Problems with truncate big float values in Haskell
Hi, Firstly I desire one year brilliant for all on group. I have one simple problem but not solved for me for some mistake mine. I have one Rational number (3 + sqrt 5) and I need get the last three digits from integral part of that number. The question is the number is arbitrary and that number always is power of n and n is between 2(Two) and 2000000000(Two billions). I have attempted that on ghci for various values and get same result with different powers: let x = (truncate ((3 + sqrt 5) ^ 2000000)) `mod` 1000 and result is 216. let y = (truncate ((3 + sqrt 5) ^ 20000000)) `mod` 1000 and result is 216. let w = (truncate ((3 + sqrt 5) ^ 200000000)) `mod` 1000 and result is 216. let z = (truncate ((3 + sqrt 5) ^ 2000000000)) `mod` 1000 and result is 216. The result is same for all: 216, and is incorrect because any that expressions have one exclusive value. What I do for complete that task correctly and what I'm mistaken here?! Thank you, Josenildo Silva
On 2017-01-05 01:16 PM, Henson wrote:
I have one Rational number (3 + sqrt 5)
Irrational Number.
let x = (truncate ((3 + sqrt 5) ^ 2000000)) `mod` 1000 and result is 216.
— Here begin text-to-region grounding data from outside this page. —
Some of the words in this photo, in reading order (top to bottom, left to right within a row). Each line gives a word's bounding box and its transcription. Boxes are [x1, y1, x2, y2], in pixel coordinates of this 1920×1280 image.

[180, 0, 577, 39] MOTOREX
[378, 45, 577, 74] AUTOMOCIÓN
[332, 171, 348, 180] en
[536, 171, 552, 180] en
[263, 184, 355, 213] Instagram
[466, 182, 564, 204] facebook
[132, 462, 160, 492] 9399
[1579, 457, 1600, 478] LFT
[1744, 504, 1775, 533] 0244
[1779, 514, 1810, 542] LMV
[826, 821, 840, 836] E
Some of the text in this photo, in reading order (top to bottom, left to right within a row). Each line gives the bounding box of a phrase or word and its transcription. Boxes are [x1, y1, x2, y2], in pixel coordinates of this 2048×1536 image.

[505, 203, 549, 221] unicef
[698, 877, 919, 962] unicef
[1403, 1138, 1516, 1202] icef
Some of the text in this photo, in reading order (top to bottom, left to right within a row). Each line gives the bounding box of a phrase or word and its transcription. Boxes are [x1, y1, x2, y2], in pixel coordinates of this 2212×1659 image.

You need to firstly read http://floating-point-gui.de/formats/fp/ , and secondly google for "goldberg floating point" and read "what every computer scientist should know about floating-point arithmetic".
On 2017-01-05 02:30 PM, Albert Y. C. Lai wrote:
On 2017-01-05 01:16 PM, Henson wrote:
I have one Rational number (3 + sqrt 5)
Irrational Number.
let x = (truncate ((3 + sqrt 5) ^ 2000000)) `mod` 1000 and result is 216.
You need to firstly read http://floating-point-gui.de/formats/fp/ , and secondly google for "goldberg floating point" and read "what every computer scientist should know about floating-point arithmetic".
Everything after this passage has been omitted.